The International Energy Agency (IEA) said it saw a continued fall in U.S. oil imports with North America becoming a net oil exporter by around 2030 and the United States becoming almost self-sufficient in energy by 2035.
"The United States, which currently imports around 20 percent of its total energy needs, becomes all but self-sufficient in net terms - a dramatic reversal of the trend seen in most other energy importing countries," it said.
The forecasts by the IEA, which advises large industrialised nations on energy policy, were in sharp contrast to its previous reports, which saw Saudi Arabia remaining the top producer until 2035.
"Energy developments in the United States are profound and their effect will be felt well beyond North America - and the energy sector," the IEA said in the annual long-term report, giving one of the most optimistic forecasts for U.S. energy production growth to date.
"The recent rebound in U.S. oil and gas production, driven by upstream technologies that are unlocking light tight oil and shale gas resources, is spurring economic activity - with less expensive gas and electricity prices giving industry a compe ive edge," it added.
IEA Chief Economist Fatih Birol told a news conference in London he believed the United States would overtake Russia as the biggest gas producer by a significant margin by 2015. By 2017, it would become the world's largest oil producer, he said.
This could have significant geopolitical implications, if Washington feels its strategic interests are no longer as embedded in the Middle East and other volatile oil producing regions.

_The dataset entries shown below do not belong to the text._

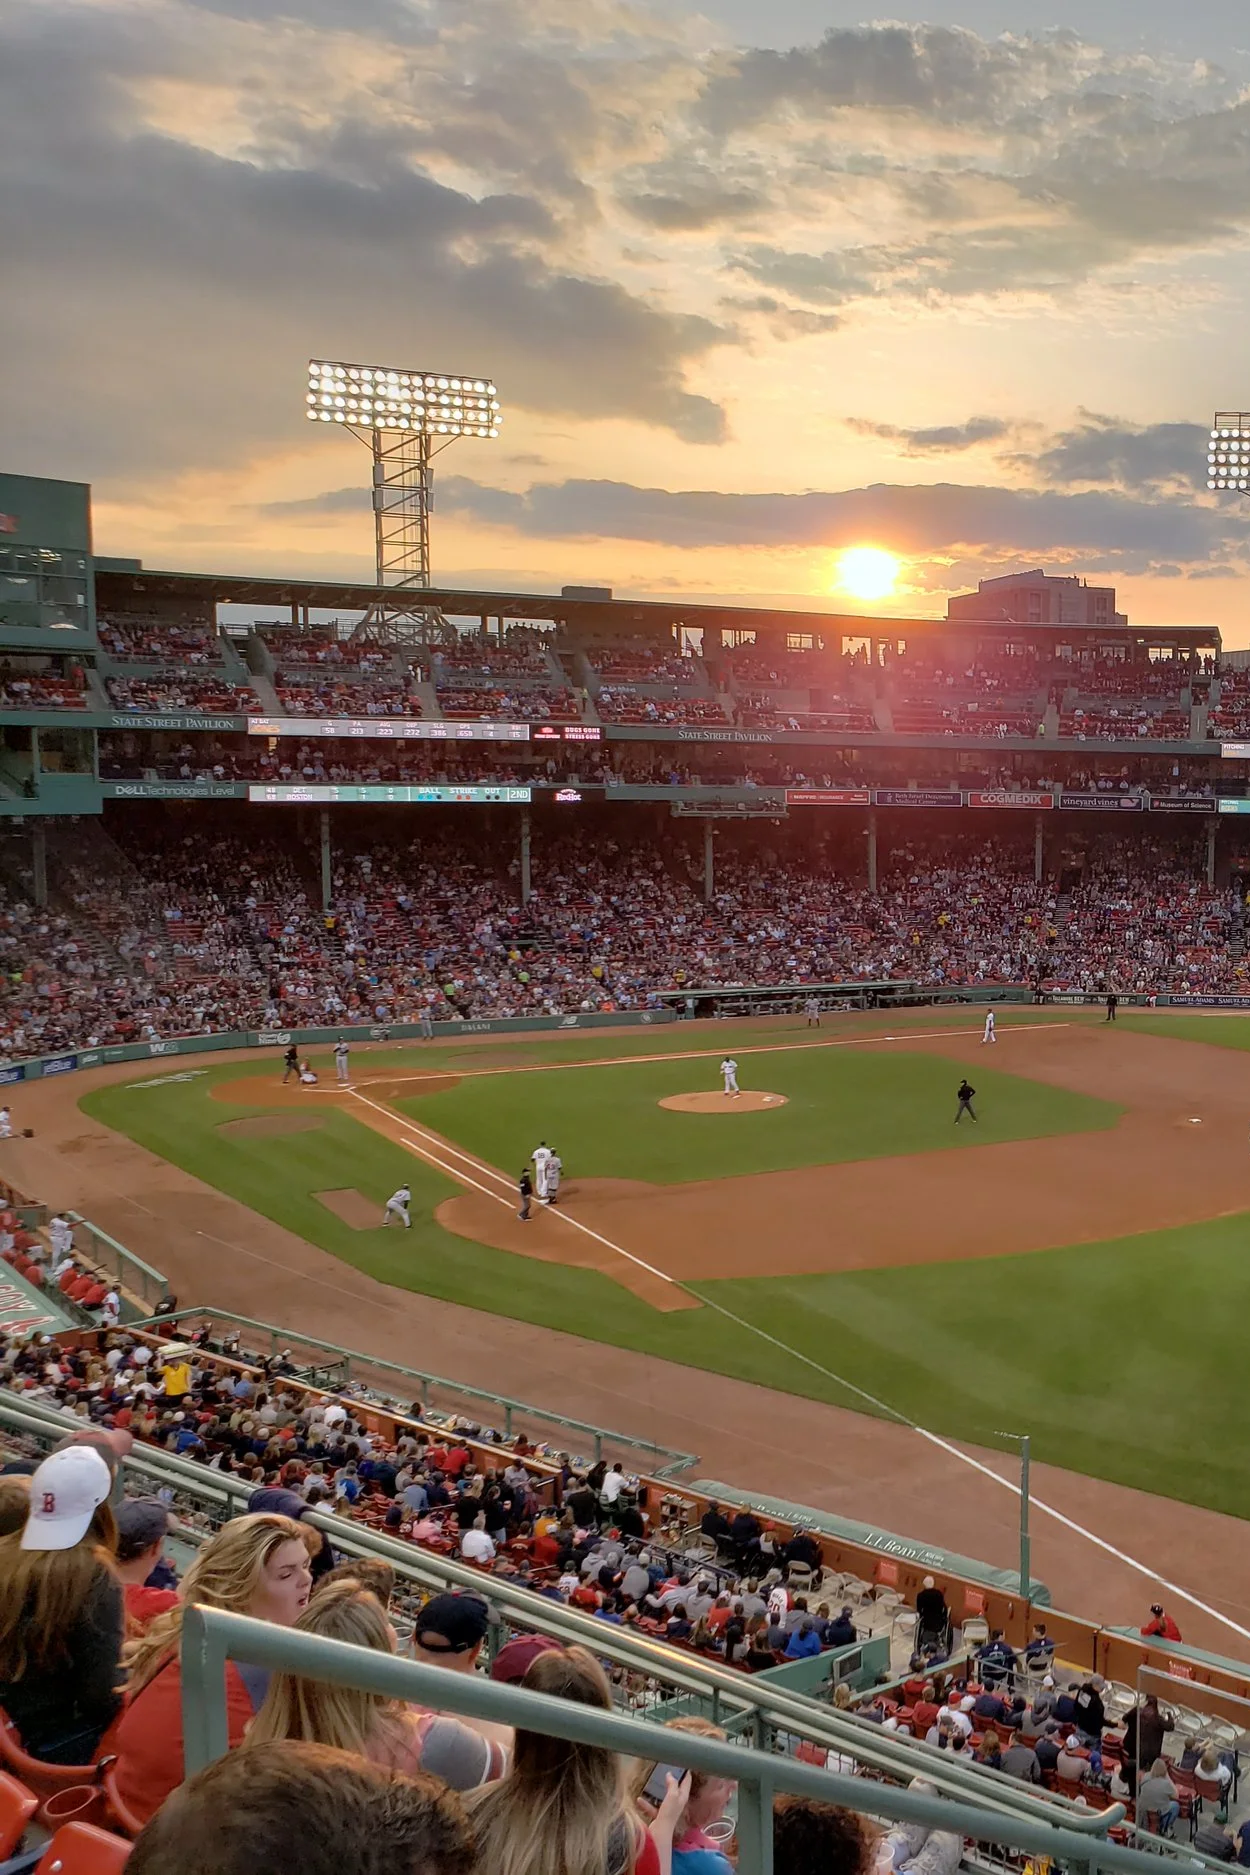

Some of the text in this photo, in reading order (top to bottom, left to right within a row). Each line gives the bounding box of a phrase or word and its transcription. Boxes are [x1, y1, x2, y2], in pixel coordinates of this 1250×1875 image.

[112, 716, 234, 729] STATE STREET PAVILION
[678, 730, 772, 742] STATE STREET PAVILION
[115, 785, 235, 797] DELL Technologies Level
[510, 790, 528, 799] 2ND
[980, 794, 1042, 804] COGMEDIX
[1063, 798, 1119, 807] vineyard vines
[1171, 996, 1194, 1004] SAMUEL
[1194, 996, 1215, 1004] ADAMS
[43, 1060, 72, 1075] jetBlue
[42, 1492, 55, 1513] B
[864, 1532, 917, 1560] L.L.Bean
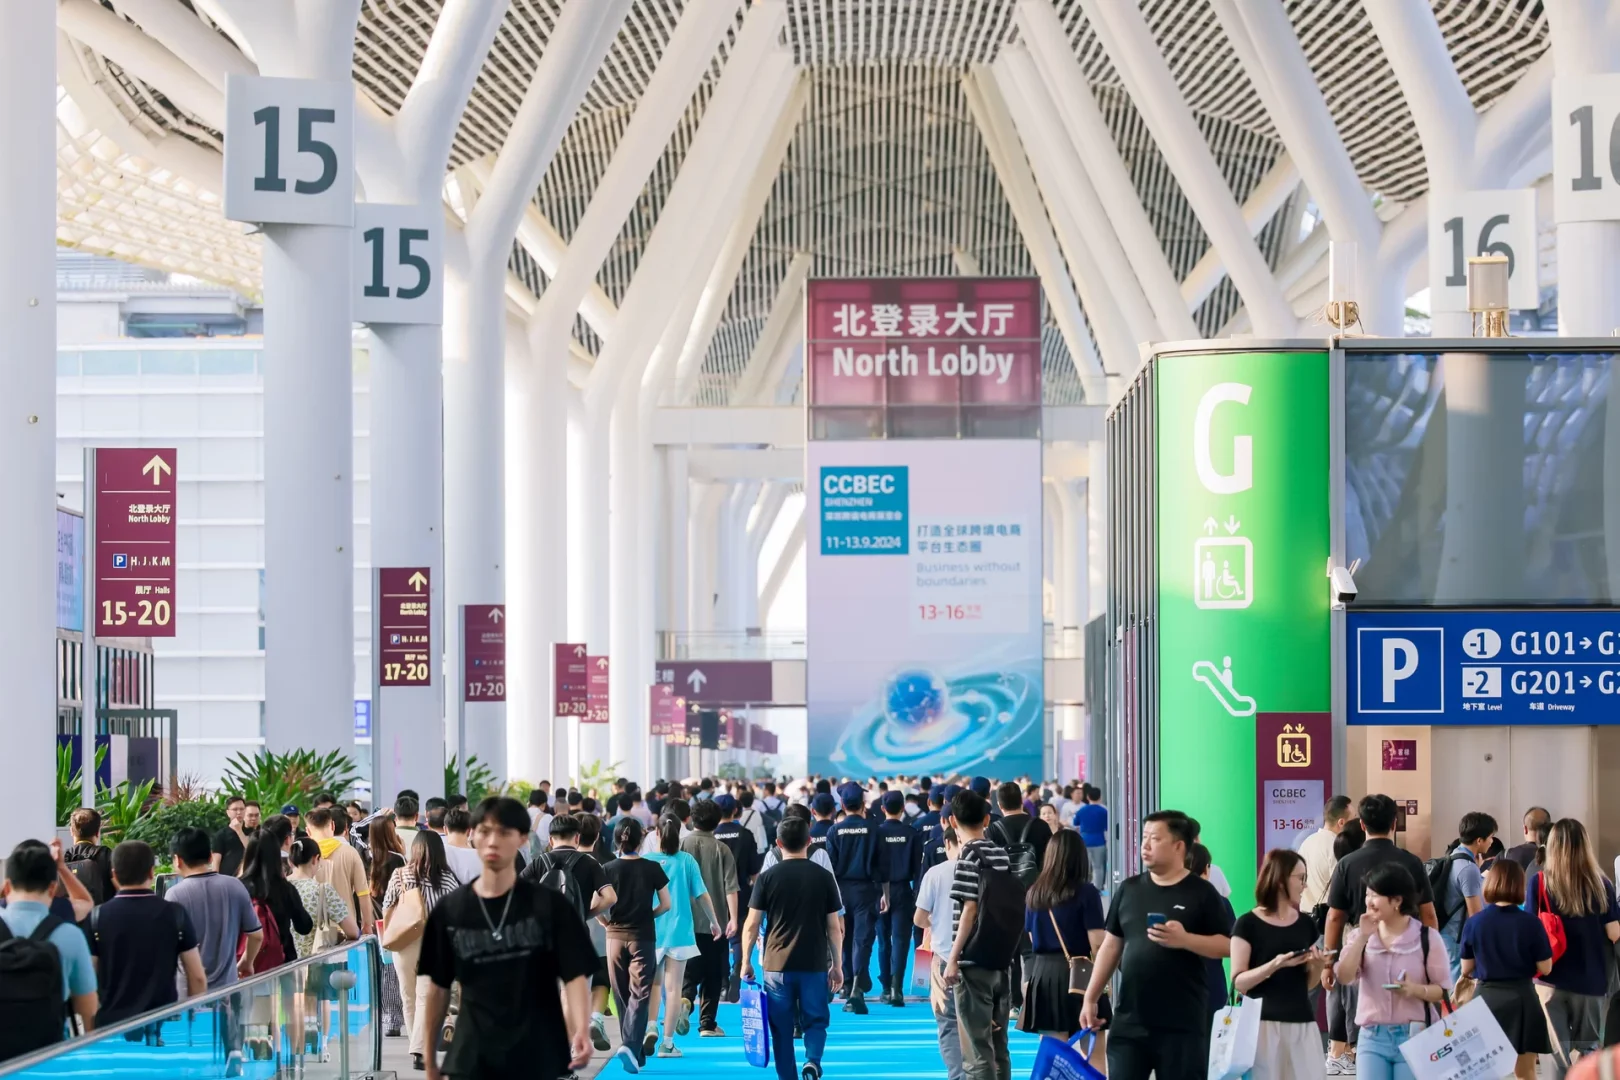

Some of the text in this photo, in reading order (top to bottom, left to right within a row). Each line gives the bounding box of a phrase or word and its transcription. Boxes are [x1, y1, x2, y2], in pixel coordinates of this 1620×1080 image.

[253, 106, 338, 194] 15
[1570, 105, 1620, 191] 1
[363, 228, 431, 299] 15
[833, 303, 1015, 337] 北登录大厅
[833, 345, 1014, 384] North Lobby
[1193, 382, 1253, 495] G
[823, 474, 895, 494] CCBEC
[128, 514, 171, 525] North Lobby
[826, 536, 902, 549] 11-13.9.2024
[916, 562, 1020, 573] Business without
[101, 599, 171, 626] 15-20
[918, 604, 965, 620] 13-16
[1469, 631, 1620, 656] -1 G101 G
[384, 663, 429, 681] 17-20
[1382, 637, 1419, 703] P
[468, 682, 504, 697] 17-20
[1467, 670, 1620, 695] -2 G201 G
[558, 702, 586, 714] 17-20
[583, 710, 608, 721] 7-20
[1487, 703, 1502, 711] Level
[1547, 703, 1575, 713] Driveway
[1272, 788, 1307, 798] CCBEC
[1273, 819, 1304, 830] 13-16
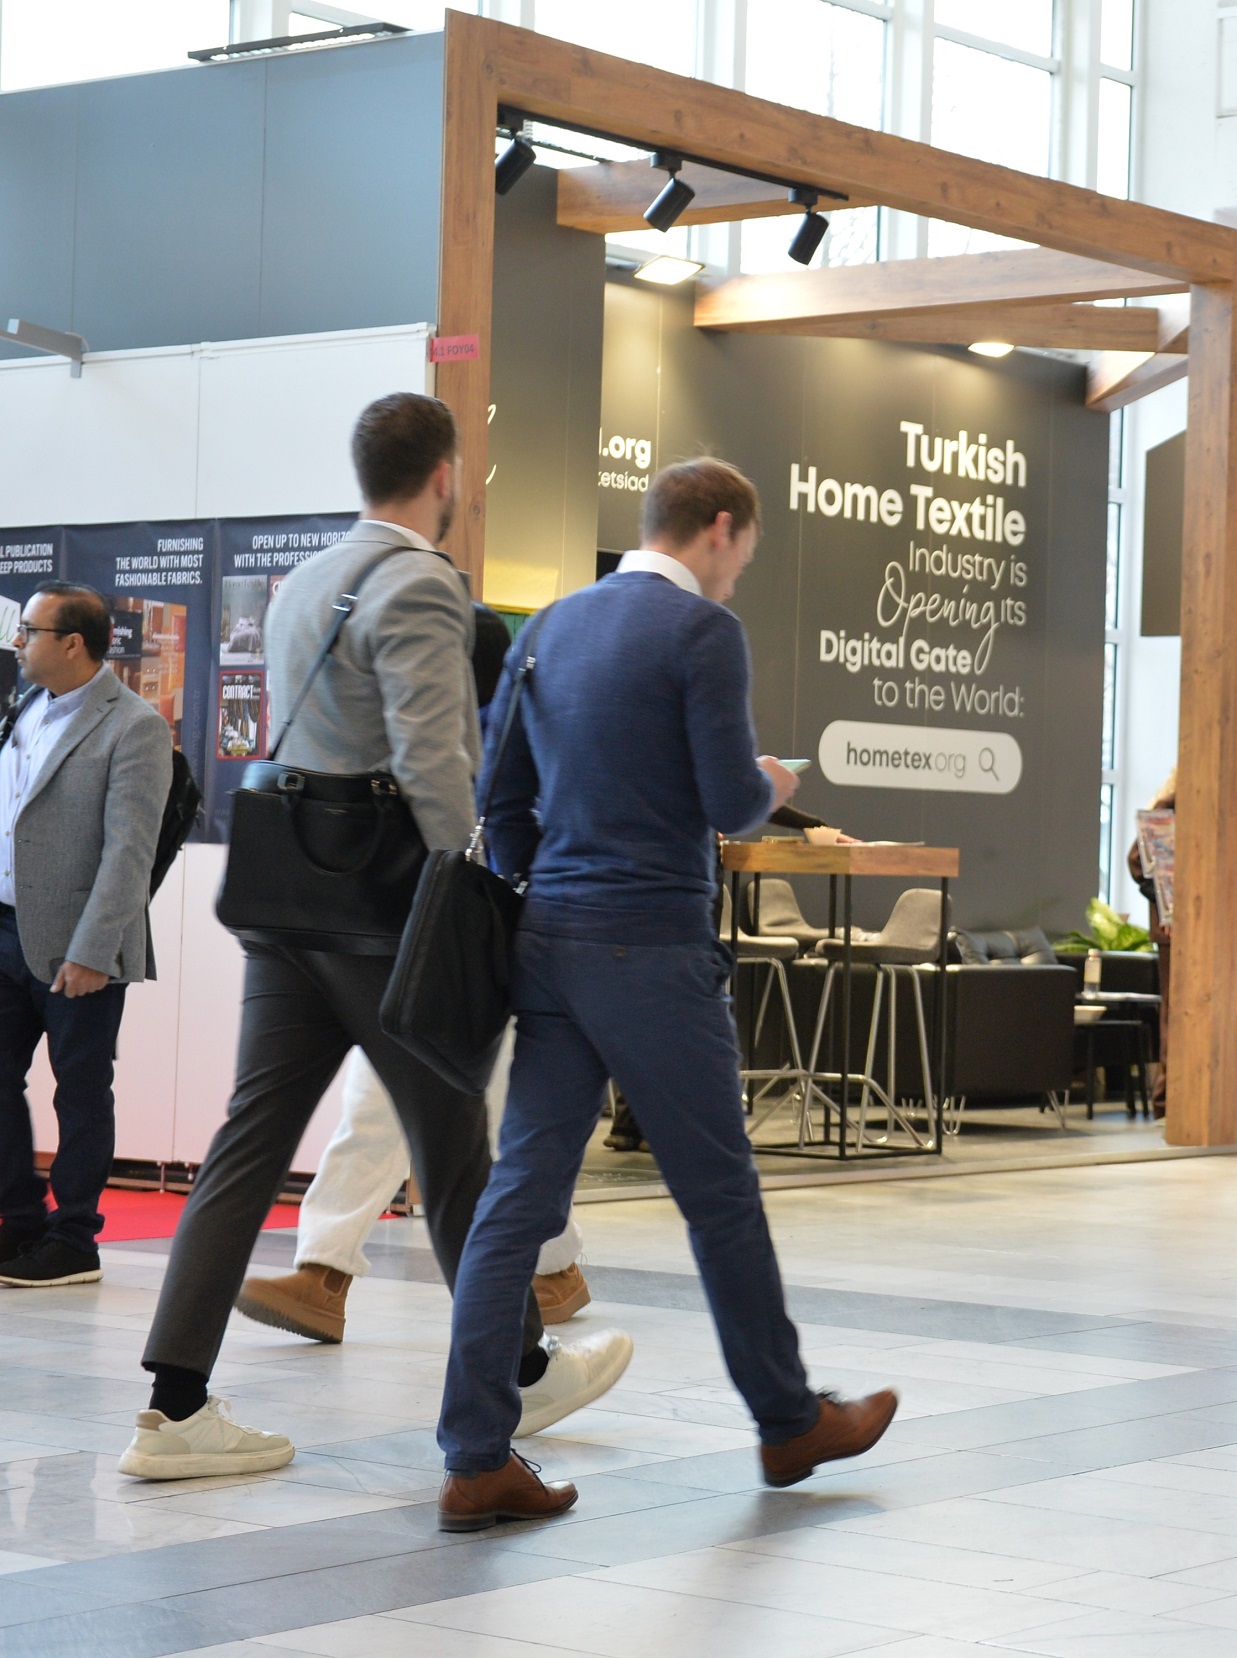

[(HAHAHAHA... Let this part of the world be a CHINESE problem, they are welcome to it.... (he says gleefully)]
Analysts ask whether an energy independent United States would still be prepared to safeguard major trade routes around the world, such as the Strait of Hormuz in the Middle East.
The United States will rely more on natural gas than either oil or coal by 2035 as cheap domestic supply boosts demand among industry and power generators, the IEA said.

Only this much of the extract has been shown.